And then I thought: Do I trust what she says now, or what she said in a burning house when no one at all could hear us?
Violet added, “And I’m surprised at you, Mr. Dart, inviting me to someone else’s house.”
“Yes, but I already know you can’t go,” he replied, smiling, “so don’t think my manners are as easy as Roald Ragnor’s.”
“Easy’s one word for it,” Violet murmured.
“He looked more than a little foxed,” I pointed out. “But it was almost as rude as when Dame Talgarth gave me the cut direct in the bakery yesterday.—Oh!”
“What is it?”
“Mrs. Talgarth’s sister. She’s a Scholar, and she’s from Kilromby, and she’s—” I frowned. “No, I’ve lost it again.”
“Kilromby. She wouldn’t have any connection to Ghilousette, either,” Mr. Dart said.
I stifled a sneeze. “Kilromby was one of the places Dominus Gleason mentioned as having to do with the Knockermen.”
“The ones in the Legendarium,” he objected. “It sounded as if the new Knockermen are all to do with Ghilousette.” He frowned. “Mrs. Etaris, do you know anyone who went to Kilromby from Ragnor Bella? We could ask around to see what reputation Domina Ringley has.”
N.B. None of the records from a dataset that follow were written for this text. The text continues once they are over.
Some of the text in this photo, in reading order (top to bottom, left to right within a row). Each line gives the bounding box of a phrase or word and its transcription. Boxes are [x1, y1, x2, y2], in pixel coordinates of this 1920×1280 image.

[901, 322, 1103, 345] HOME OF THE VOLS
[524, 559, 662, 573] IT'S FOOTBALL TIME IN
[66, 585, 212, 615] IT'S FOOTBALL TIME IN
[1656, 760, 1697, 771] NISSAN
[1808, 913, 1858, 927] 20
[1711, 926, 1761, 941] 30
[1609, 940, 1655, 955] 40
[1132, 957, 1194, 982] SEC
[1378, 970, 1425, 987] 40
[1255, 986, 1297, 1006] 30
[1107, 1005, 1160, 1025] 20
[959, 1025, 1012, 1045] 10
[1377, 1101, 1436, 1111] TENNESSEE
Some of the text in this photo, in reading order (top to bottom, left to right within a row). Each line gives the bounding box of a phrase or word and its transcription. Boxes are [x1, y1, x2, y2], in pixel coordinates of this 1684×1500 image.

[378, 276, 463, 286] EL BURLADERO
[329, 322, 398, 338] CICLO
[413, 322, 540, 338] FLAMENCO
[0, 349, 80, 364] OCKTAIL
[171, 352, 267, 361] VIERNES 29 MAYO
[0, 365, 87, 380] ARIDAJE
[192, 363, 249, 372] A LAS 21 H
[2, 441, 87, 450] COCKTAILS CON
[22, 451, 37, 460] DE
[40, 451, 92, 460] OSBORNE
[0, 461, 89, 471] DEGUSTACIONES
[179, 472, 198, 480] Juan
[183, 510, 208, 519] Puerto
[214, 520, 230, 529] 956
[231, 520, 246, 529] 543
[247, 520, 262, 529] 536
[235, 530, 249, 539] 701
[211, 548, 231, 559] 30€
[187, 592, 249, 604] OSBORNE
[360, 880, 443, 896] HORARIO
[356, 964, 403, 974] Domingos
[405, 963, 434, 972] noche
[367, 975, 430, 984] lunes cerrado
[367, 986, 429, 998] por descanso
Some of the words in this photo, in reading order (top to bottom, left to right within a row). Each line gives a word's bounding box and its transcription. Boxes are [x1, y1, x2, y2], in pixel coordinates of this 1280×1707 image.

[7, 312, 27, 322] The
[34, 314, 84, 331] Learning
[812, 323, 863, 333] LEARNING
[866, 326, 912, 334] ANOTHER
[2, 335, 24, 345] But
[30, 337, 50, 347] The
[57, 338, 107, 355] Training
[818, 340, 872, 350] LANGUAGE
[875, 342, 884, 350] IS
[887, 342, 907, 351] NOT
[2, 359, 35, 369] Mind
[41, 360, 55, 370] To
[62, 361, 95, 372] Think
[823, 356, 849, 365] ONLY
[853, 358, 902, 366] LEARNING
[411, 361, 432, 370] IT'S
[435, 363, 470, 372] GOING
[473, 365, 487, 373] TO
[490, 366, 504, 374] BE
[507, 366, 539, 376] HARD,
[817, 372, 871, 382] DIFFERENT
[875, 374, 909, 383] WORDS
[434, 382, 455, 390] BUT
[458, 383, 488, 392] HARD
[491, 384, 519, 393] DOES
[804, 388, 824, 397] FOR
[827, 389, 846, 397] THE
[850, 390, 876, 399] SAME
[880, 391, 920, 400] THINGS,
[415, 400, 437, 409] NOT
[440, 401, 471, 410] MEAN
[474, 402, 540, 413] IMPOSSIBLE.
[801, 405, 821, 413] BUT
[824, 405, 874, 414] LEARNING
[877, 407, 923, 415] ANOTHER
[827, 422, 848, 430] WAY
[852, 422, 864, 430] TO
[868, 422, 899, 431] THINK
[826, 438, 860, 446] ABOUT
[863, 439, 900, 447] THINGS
“I don’t think anyone has gone to Kilromby of late,” Mrs. Etaris said thoughtfully. “Not since the troubles began there; no one has wanted to take ships.”
Violet said, “My cousin did.”
Mr. Dart and I were both starting to speak, and we stumbled into quiet. Violet flushed, I think in annoyance that we hadn’t been listening to her. “My cousin went to Kilromby.”
“The Talgarths,” said Mr. Dart. “But how …”
“Yes, Mr. Dart?” asked Mrs. Etaris.
“Surely Justice Talgarth wouldn’t be party to blood magic.”
“Perhaps he doesn’t know,” Violet said. “Didn’t you say he’d been away?”
“Alisoun,” I said abruptly.
“Alisoun?” Violet asked sharply; both Mr. Dart and Mrs. Etaris looked politely baffled.
“That’s it. I think it was her half day yesterday. Mr. Kim mentioned it.”
Mr. Dart frowned again. “Mr. Kim—not Fogerty the Fish’s barrow-boy?”
“Yes, I saw him at Mrs. Jarnem’s sweetshop after work yesterday. He’s courting Alisoun Artquist, who is from Kilromby originally—and who is working for the Talgarths! And it was her half day yesterday.”
“Are you feeling dizzy again?” Violet asked solicitously. “I don’t see how she could be related.”
I glared at her. “Don’t you see? She could have brought the pie into town.”
Mr. Dart shook his head doubtfully. “If Miss Carlin’s there, and if this Alisoun has anything to do with her, and if—how did the Honourable Rag’s ring get into the pie, anyhow?”
I sneezed. “I have no idea. We could ask Mr. Kim what he knows about Alisoun’s situation.”
Mrs. Etaris nodded. “That’s a fair idea, Mr. Greenwing. Perhaps you could—why, Mrs. Buchance, whatever is the matter?”
The door had slammed open to reveal Mrs. Buchance, bonnet askew and eyes wide. She started forward to grab my hands as I instinctively rose and reached out to her.
“Oh, Mr. Greenwing, I’m so glad you aren’t arrested!”
Chapter Twenty-One
“I beg your pardon?” I said, sinking back against the ladder. “Why should I have been arrested today?”
“Someone found the carcass of a cow in a bonfire with the bones all silvered, and it’s known you and Mr. Dart were out-and-about last night.”
“Oh, I say,” said Mr. Dart, sounding very like the Honourable Rag. “We saw the cultists, but were not party to them.”
“I never thought you would be,” Mrs. Buchance replied. “I am most distressed at the mere rumour, and feelings are running high in town today.”
“Do sit down, Mrs. Buchance,” Mrs. Etaris said. “Your own feelings appear somewhat high, if I may say so. Will you have coffee?”
Mrs. Buchance hesitated in the act of taking off her coat, glancing from me to Violet. I tried to compose my whirling thoughts and emotions while I performed the introductions. “Mrs. Buchance, this is Miss Redshank, a friend of mine from Morrowlea here on family business. Miss Redshank, this is Mrs. Buchance, my late stepfather’s second wife.”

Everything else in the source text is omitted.